Posted on: November 25th, 2019
Private equity pricing is usually expressed in an overall return that the industry targets, similar to how returns are quoted for other types of financial assets. The return is usually driven by how much of the company the private equity investor owns. Upon an exit, all shareholders are supposed to receive their pro rata share of the value, after the loans are repaid. Yet it is not this simple in the private equity industry as these investors usually always invest in preferred shares, rather than common shares. Preferred shares give the investor preferences over the common shareholders, making them senior with respect to the distribution of proceeds in the event of a sale and in the event of a liquidation. They also are senior with respect to return over the common shareholders by virtue of a preferred dividend they are owed. Finally, some preferred share structures require not only a return on their capital but a return of their capital, in the form of participating preferred structure. This means that the preferred investors get three sources of gain at the time the company is sold.
They receive their principal back; their cumulative preferred dividend and their pro rata share of the remaining proceeds. While not used by all private equity investors, these structures are very expensive and highly dilutive to the common shareholders. Most folks don’t focus on the accretion of the preferred dividend as it is paid in kind and not paid in cash. But the effect of an 8% dividend compounding on the principal amount of the preferred can be quite costly for the shareholders. If the preferred security is outstanding for 4 years, that adds at least 32% to the outstanding principal. If the preferred shareholder gets all their accrued dividends and 100% of their principal back before the common shareholders get anything, then they have received a lot more than just their ownership percentage in the deal. Through getting these proceeds out ahead of the common, the size of the equity pie shrinks, leaving less value for common shareholders. While private equity provides tremendous value to the stakeholders in a transaction, it pays to make sure you understand its true cost before taking it. Here are the important steps to uncover the true cost:
- Shy away from Participating Preferred Structures – These structures usually get at least 100% of their principal back and in some cases extract 2 times their principal back.

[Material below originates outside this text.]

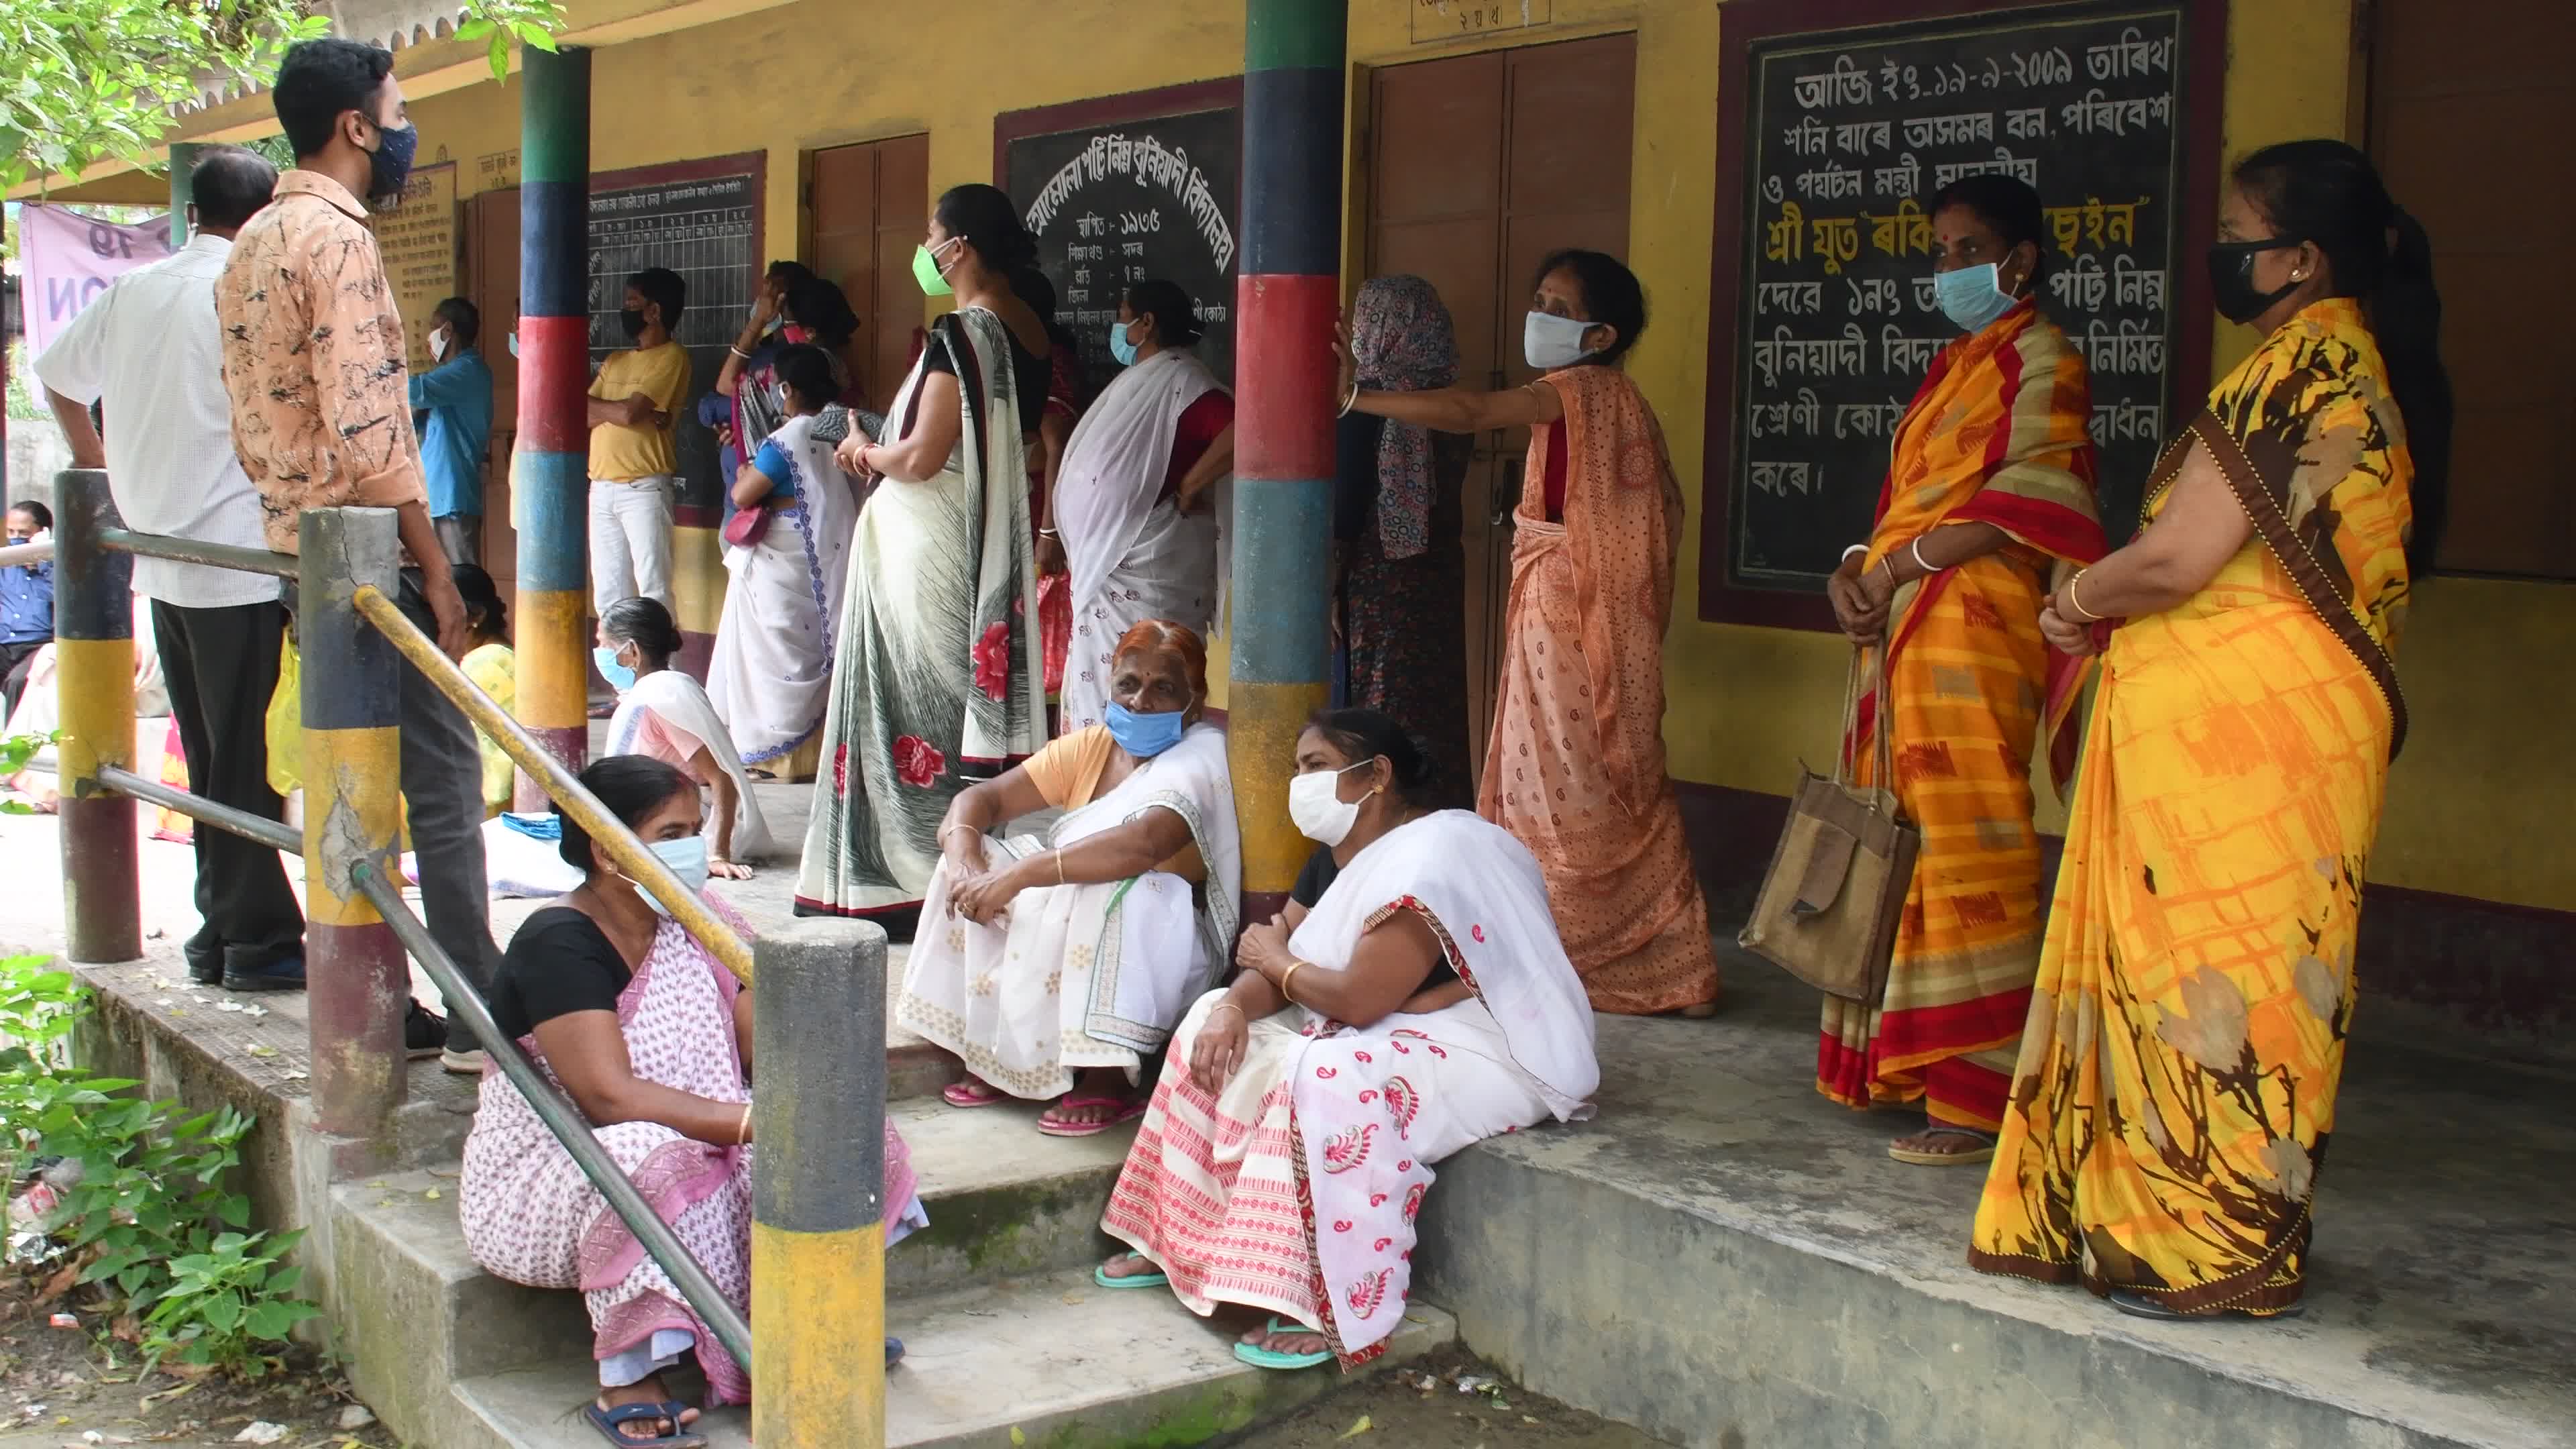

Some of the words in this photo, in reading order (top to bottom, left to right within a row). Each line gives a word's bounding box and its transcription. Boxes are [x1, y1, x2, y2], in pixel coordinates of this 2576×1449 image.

- Focus on Convertible Preferred Structures – This structure involves the conversion of the security into common shares upon the trigger of a future event. If the conversion mechanics are clear and fair, you should be fine.
- Make sure you factor in the effect of the PIK dividend into the returns – This is often overlooked but if your exit stretches out, this creates a large bill.
- Understand management fee obligations – Management fees are usually paid to the private equity investor. Make sure you are receiving good value for it and the amount is not overburdensome.
- Make sure your growth plan is achievable – Private equity returns are high and require fast value accretion to cover. If you miss your plan and your company value becomes stagnant, common shareholder proceeds will be small upon an exit. The ultimate cost of a private equity deal is when there is nothing left over for the common, due to weak growth.